Anyone ever experience this? Any ideas?


----------



## Jopet (Aug 10, 2009)

Brake while on neutral. If it does nort clunk, check engine mounts


----------



## mindbullet (Oct 15, 2007)

I was able to reproduce the sound just now. It clunked twice when I backed up, put in the clutch and braked. Did it each time I would take off from standing still with the steering wheel turned right and pulling up a hill. Yesterday it did not matter where I had the steering or up a hill or not. Today its behaving different. That's what's making this issue so hard to track. It acts different a t different times.
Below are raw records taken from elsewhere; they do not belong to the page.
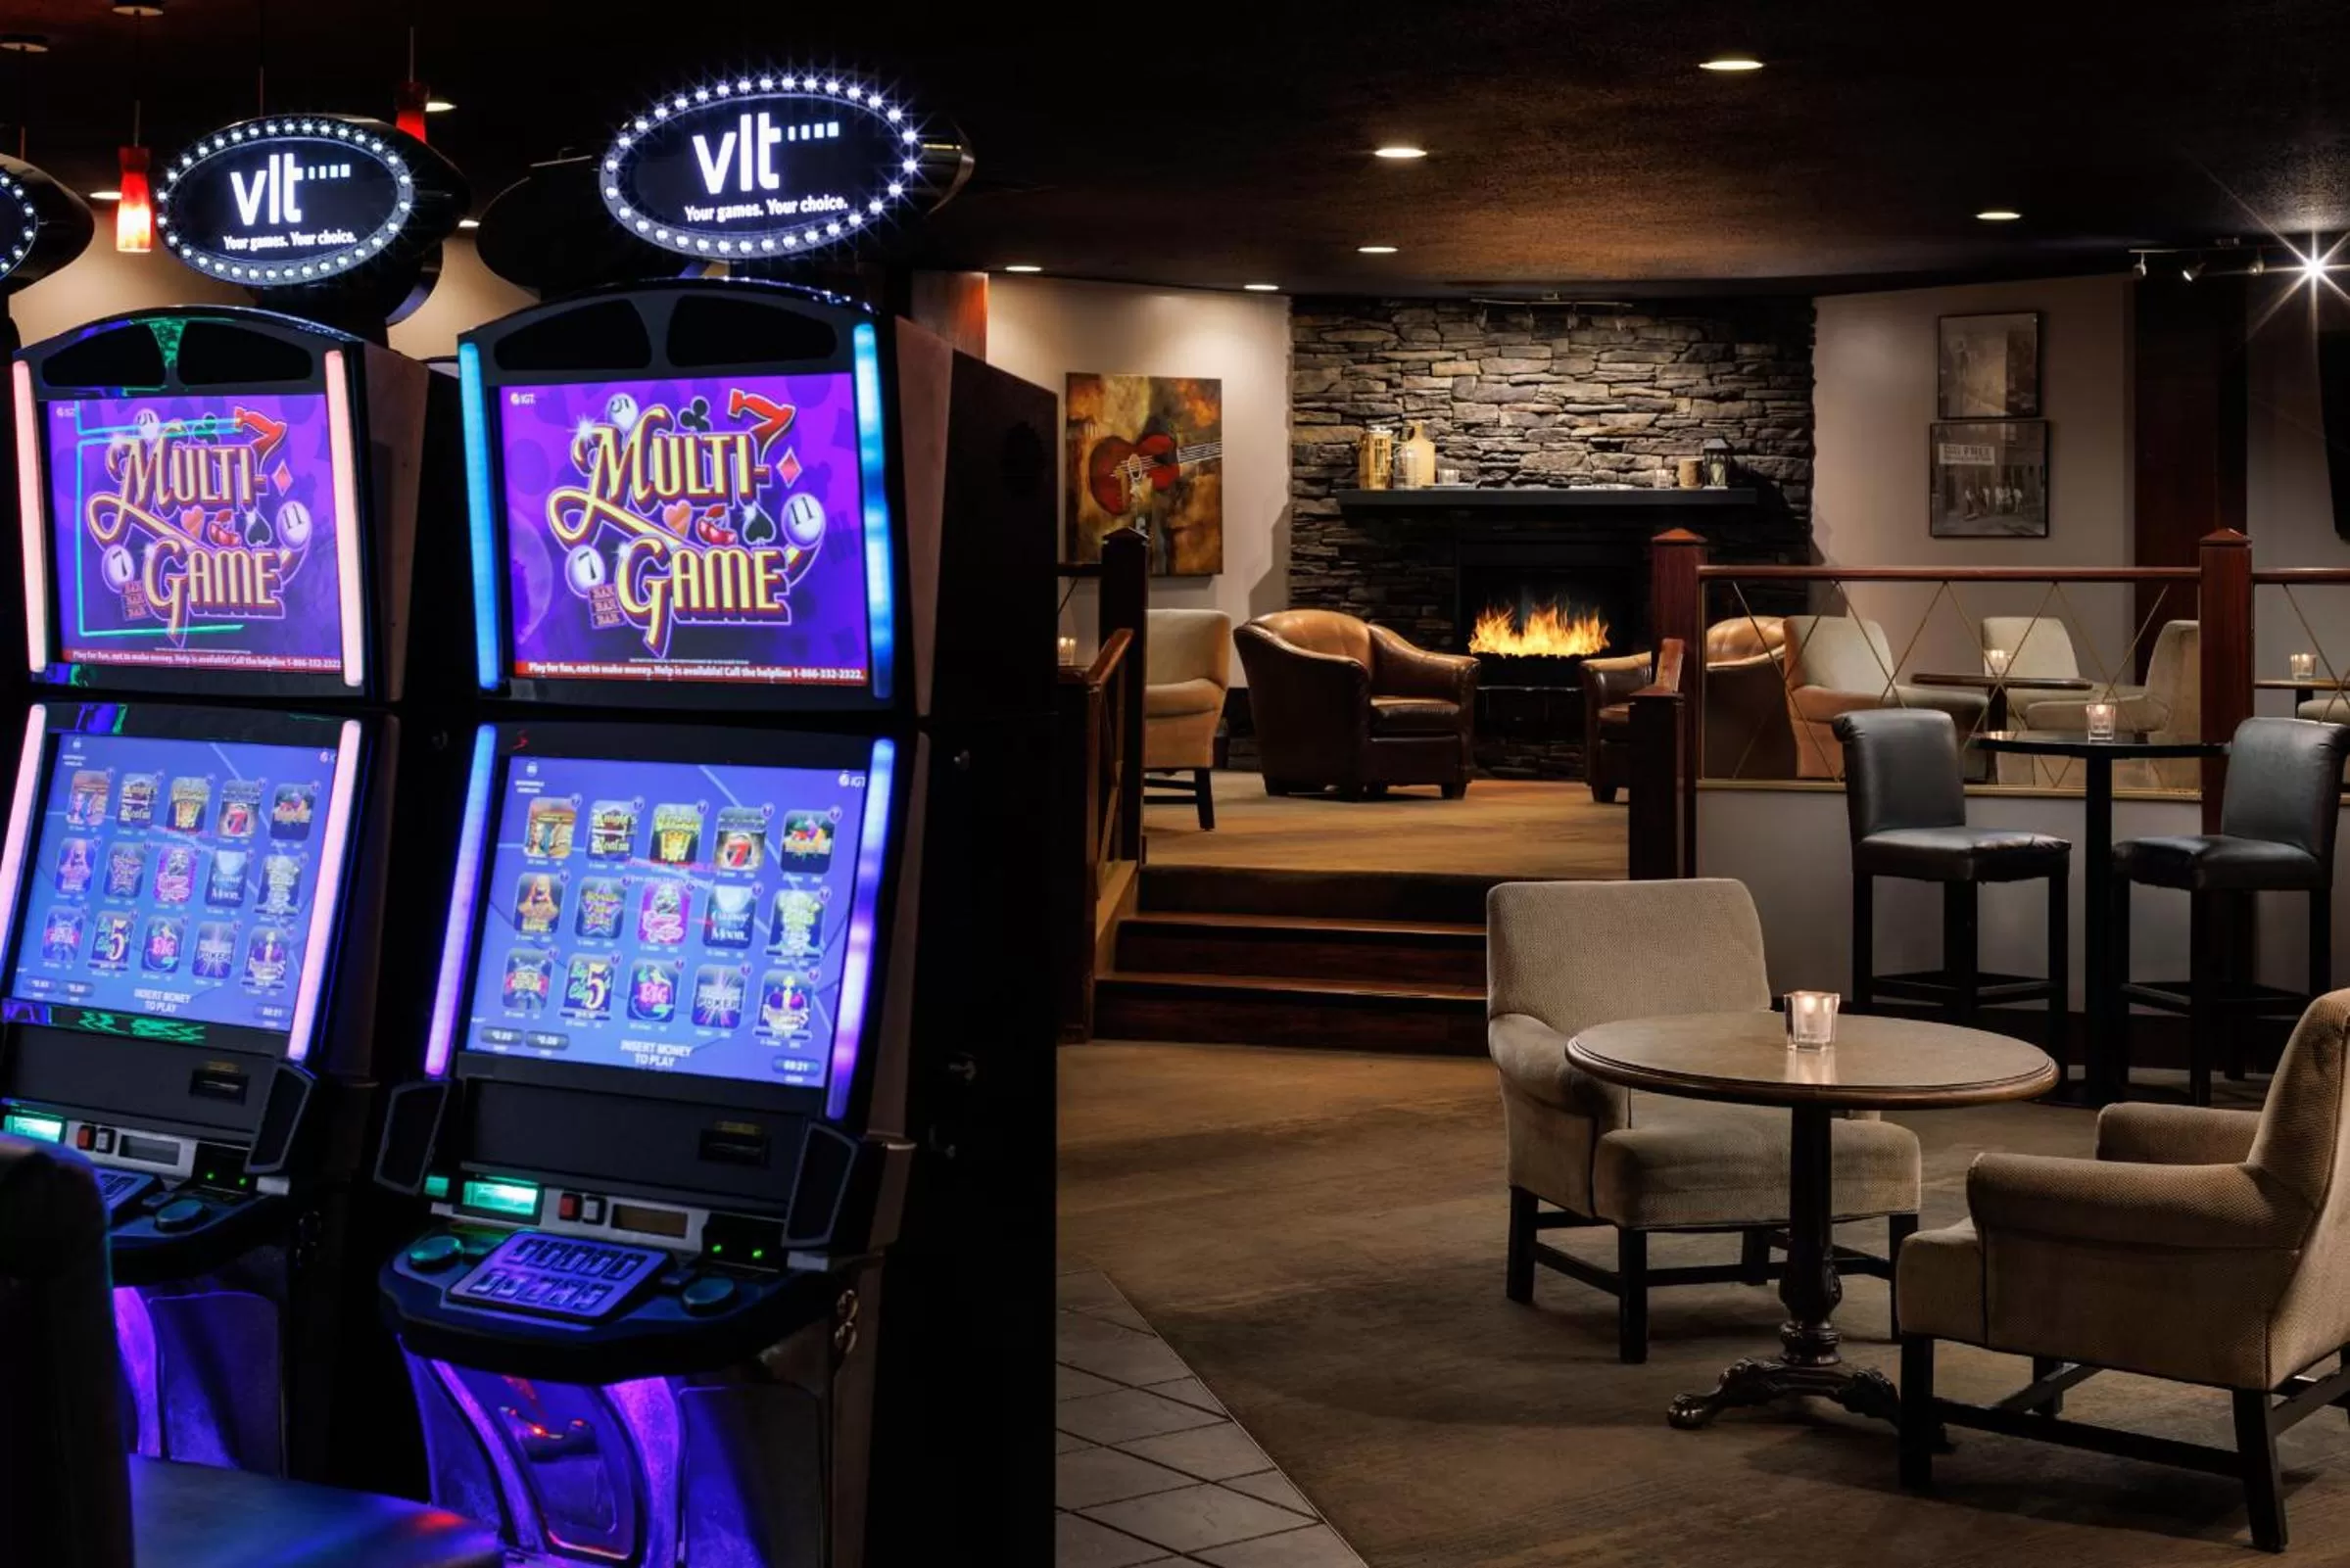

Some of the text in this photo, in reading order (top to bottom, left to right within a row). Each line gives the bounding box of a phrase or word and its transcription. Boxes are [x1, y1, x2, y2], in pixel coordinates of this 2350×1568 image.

[693, 113, 781, 195] vlt
[230, 153, 304, 225] vlt
[685, 194, 848, 223] Your games. Your choice.
[223, 228, 358, 252] Your games. Your choice.
[528, 662, 546, 675] Play
[725, 666, 741, 678] Call
[620, 1039, 694, 1058] INSERT MONEY
[635, 1053, 676, 1069] TO PLAY
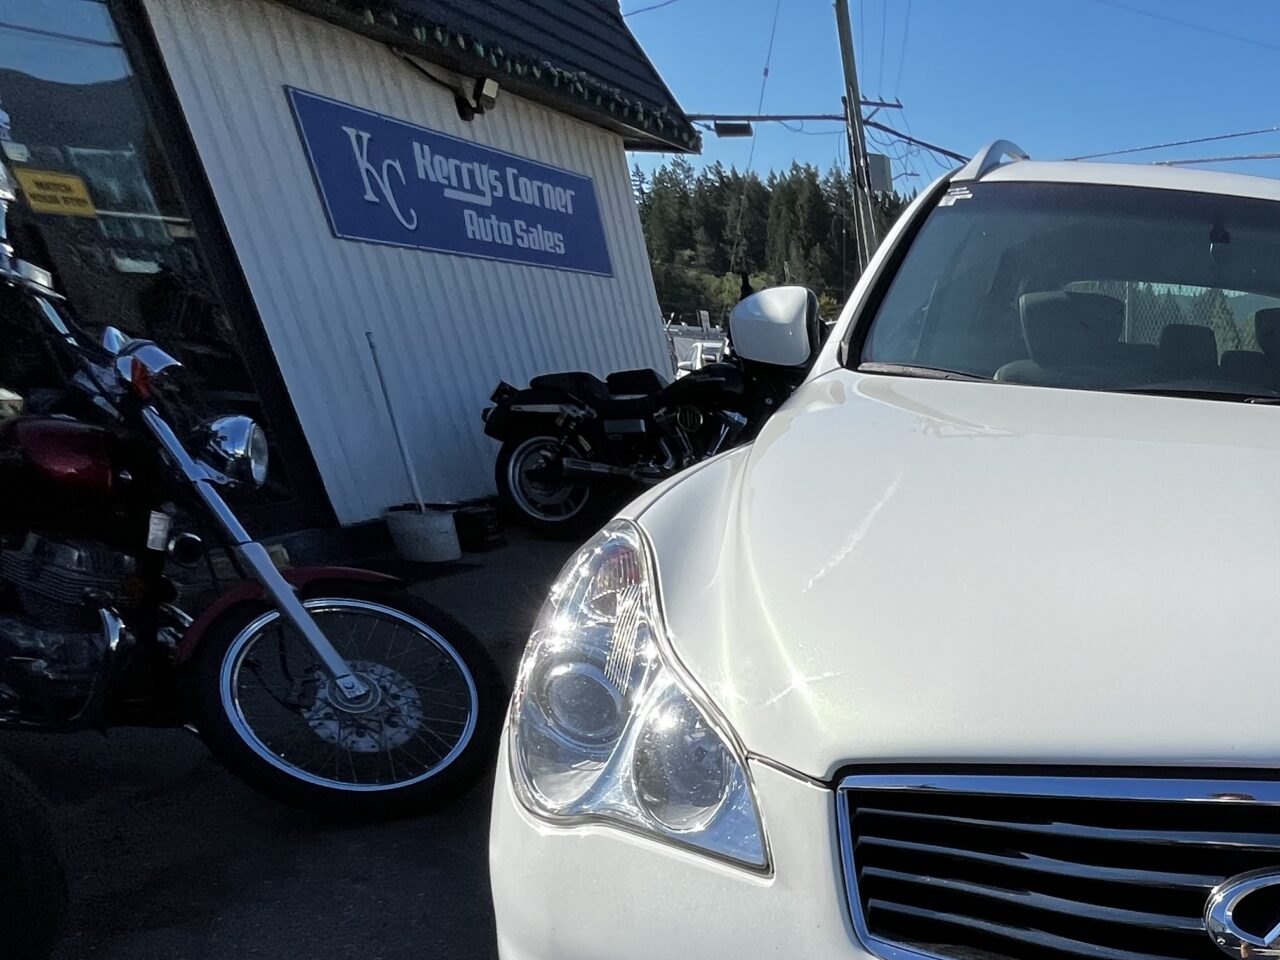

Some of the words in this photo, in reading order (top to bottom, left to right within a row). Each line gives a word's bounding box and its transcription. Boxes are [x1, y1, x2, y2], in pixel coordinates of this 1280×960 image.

[412, 141, 503, 206] Kerrys
[506, 167, 575, 215] Corner
[463, 209, 513, 246] Auto
[516, 219, 566, 255] Sales
Looking at the motor mounts they look good. The engine and transmission do turn some when releasing the clutch while engine is running and in gear. That's normal though. I don't think its moving too much but I cna shoot a video and post if that would help. However I ruled out the mounts in my mind because the clunk will not occur if I make the car stationary by trying to go forward or reverse with the parking brake holding the car in place. It always only makes the noise if the car is in motion.


----------



## quadraria10 (Jul 6, 2010)

My guess is its strut related and probably a bad strut mount.


----------



## Jopet (Aug 10, 2009)

here's a way to check your mounts: with parking brakes on, put it in first, release the clutch at the point where it grabs. Don't let the car roll. You will see (or someone outside the car) how much the engine move. Do it in reverse as well. The engine should not move a lot. 
Another thing I would check, axles. just stick your head below the fender just next to the wheel, you should see the boot (accordion rubber) intact. If they're ripped, its you axle. If that's not it, I'll go to the tranny next. Do you drive hard?
I would only say its something in your suspension if you hear the clunk when you hit bumps.


----------



## mindbullet (Oct 15, 2007)

No clunks on bumps. Boots are intact. I did get under and check out the motor mounts. I'd waited to check this because since it only makes noise when moving. The front mount does move a lot and fairly easily with my prybar. I ordered a new one and it should be here in the morning. $17 so not bad. I'll report back if that helps or not.


----------